Saved entries

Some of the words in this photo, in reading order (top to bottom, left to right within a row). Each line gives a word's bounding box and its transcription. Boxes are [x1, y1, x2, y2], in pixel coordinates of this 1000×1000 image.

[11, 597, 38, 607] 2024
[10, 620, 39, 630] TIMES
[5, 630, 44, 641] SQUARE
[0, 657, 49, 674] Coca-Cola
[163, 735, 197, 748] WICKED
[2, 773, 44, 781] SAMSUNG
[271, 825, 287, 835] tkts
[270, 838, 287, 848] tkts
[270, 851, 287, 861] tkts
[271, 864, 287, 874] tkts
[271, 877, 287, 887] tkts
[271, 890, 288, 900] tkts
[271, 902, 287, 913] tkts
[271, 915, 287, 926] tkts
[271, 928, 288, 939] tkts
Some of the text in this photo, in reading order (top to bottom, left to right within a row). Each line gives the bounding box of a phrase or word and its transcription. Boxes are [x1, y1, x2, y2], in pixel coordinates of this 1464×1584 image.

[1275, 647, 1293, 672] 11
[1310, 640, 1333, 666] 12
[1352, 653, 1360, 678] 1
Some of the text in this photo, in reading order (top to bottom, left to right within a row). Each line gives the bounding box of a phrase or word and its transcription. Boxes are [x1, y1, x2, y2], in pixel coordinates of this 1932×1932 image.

* [Directions for this task]: The answer should be the complete set of records, printed exactly.

* [Exercise answer]:
Some of the words in this photo, in reading order (top to bottom, left to right within a row). Each line gives a word's bounding box and its transcription. Boxes are [x1, y1, x2, y2], in pixel coordinates of this 1000×1000 image.

[11, 597, 38, 607] 2024
[10, 620, 39, 630] TIMES
[5, 630, 44, 641] SQUARE
[0, 657, 49, 674] Coca-Cola
[163, 735, 197, 748] WICKED
[2, 773, 44, 781] SAMSUNG
[271, 825, 287, 835] tkts
[270, 838, 287, 848] tkts
[270, 851, 287, 861] tkts
[271, 864, 287, 874] tkts
[271, 877, 287, 887] tkts
[271, 890, 288, 900] tkts
[271, 902, 287, 913] tkts
[271, 915, 287, 926] tkts
[271, 928, 288, 939] tkts
Some of the text in this photo, in reading order (top to bottom, left to right within a row). Each line gives the bounding box of a phrase or word and its transcription. Boxes are [x1, y1, x2, y2], in pixel coordinates of this 1464×1584 image.

[1275, 647, 1293, 672] 11
[1310, 640, 1333, 666] 12
[1352, 653, 1360, 678] 1
Some of the text in this photo, in reading order (top to bottom, left to right within a row). Each line gives the bounding box of a phrase or word and its transcription. Boxes are [x1, y1, x2, y2], in pixel coordinates of this 1932×1932 image.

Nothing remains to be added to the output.